He entered every cabin, to see that men and their wives had gone to bed
together, lest the men, from over-fatigue, should fall asleep in the chimney
corner, and remain there till the morning horn called them to their daily task.
Women are considered of no value, unless they continually increase their
owner's stock. They are put on a par with animals. This same master shot a
woman through the head, who had run away and been brought back to him. No one
called him to account for it. If a slave resisted being whipped, the
bloodhounds were unpacked, and set upon him, to tear his flesh from his bones.

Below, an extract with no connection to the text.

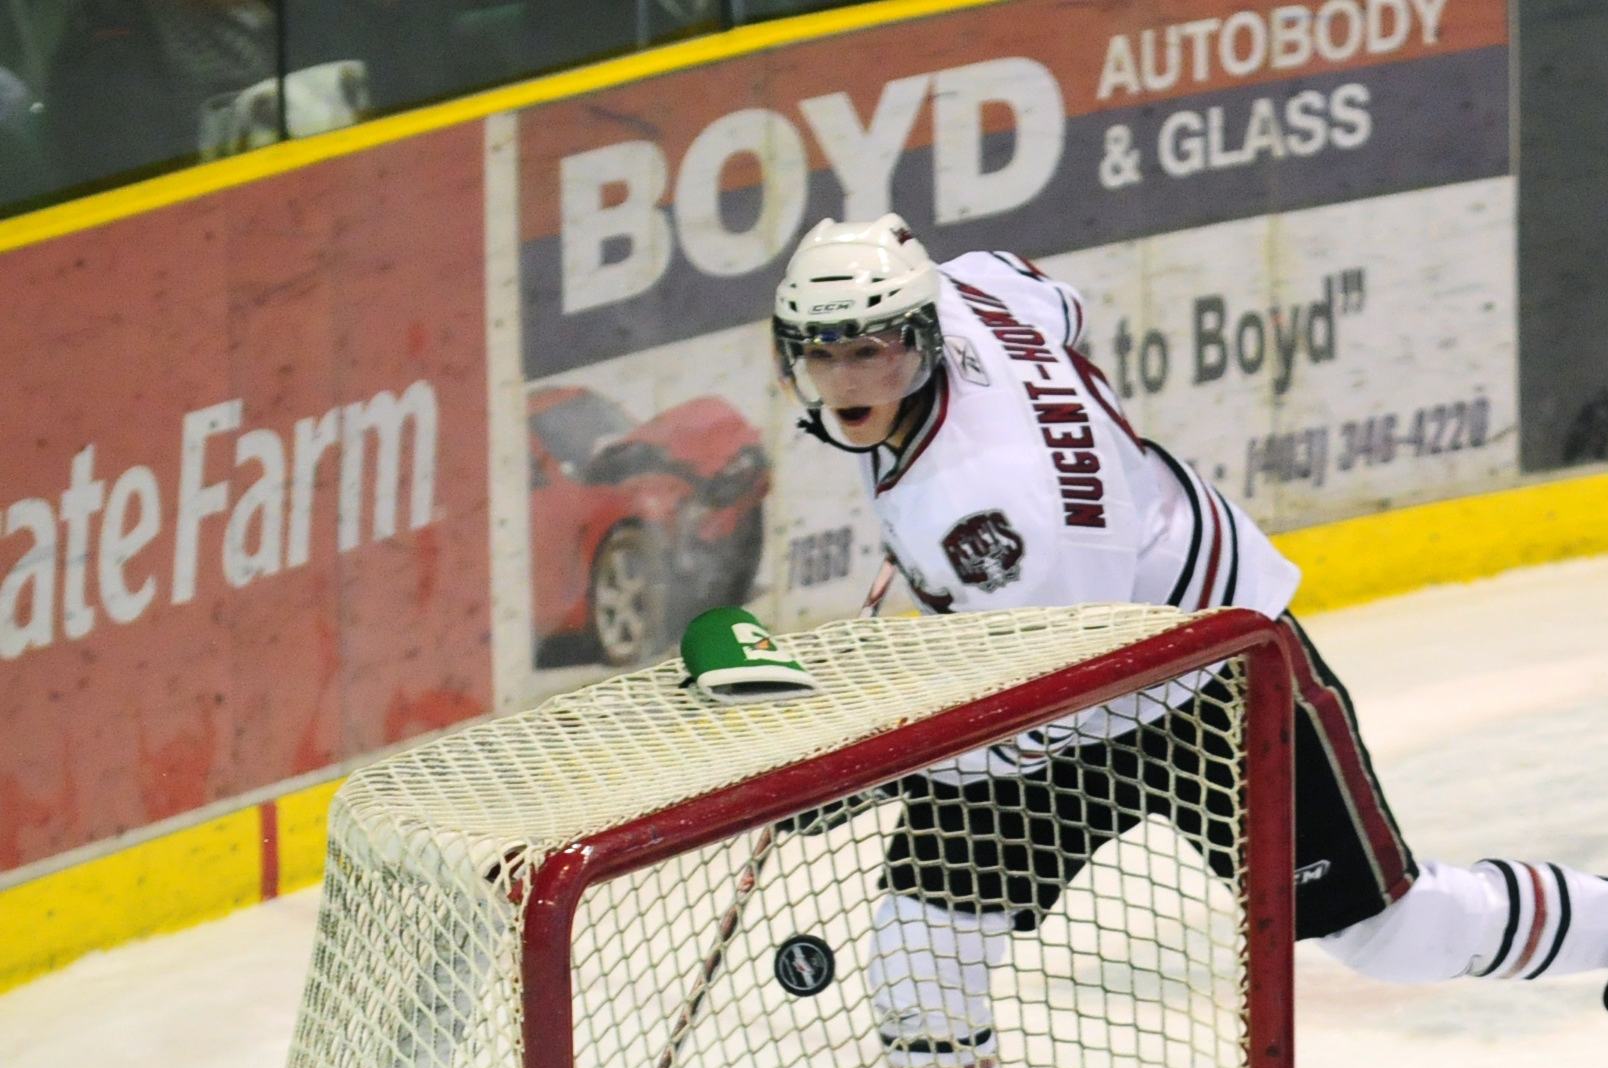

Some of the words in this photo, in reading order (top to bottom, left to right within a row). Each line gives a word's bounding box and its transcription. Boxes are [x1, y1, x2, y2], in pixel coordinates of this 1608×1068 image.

The master who did these things was highly educated, and styled a perfect
gentleman. He also boasted the name and standing of a Christian, though Satan
never had a truer follower. I could tell of
more slaveholders as cruel as those I have described. They are not exceptions
to the general rule. I do not say there are no humane slaveholders. Such
characters do exist, notwithstanding the hardening influences around them. But
they are "like angels' visits—few and far between." I knew a young
lady who was one of these rare specimens. She was an orphan, and inherited as
slaves a woman and her six children. Their father was a free man. They had a
comfortable home of their own, parents and children living together. The mother
and eldest daughter served their mistress during the day, and at night returned
to their dwelling, which was on the premises. The young lady was very pious,
and there was some reality in her religion. She taught her slaves to lead pure
lives, and wished them to enjoy the fruit of their own industry. Her religion
was not a garb put on for Sunday, and laid aside till Sunday returned again.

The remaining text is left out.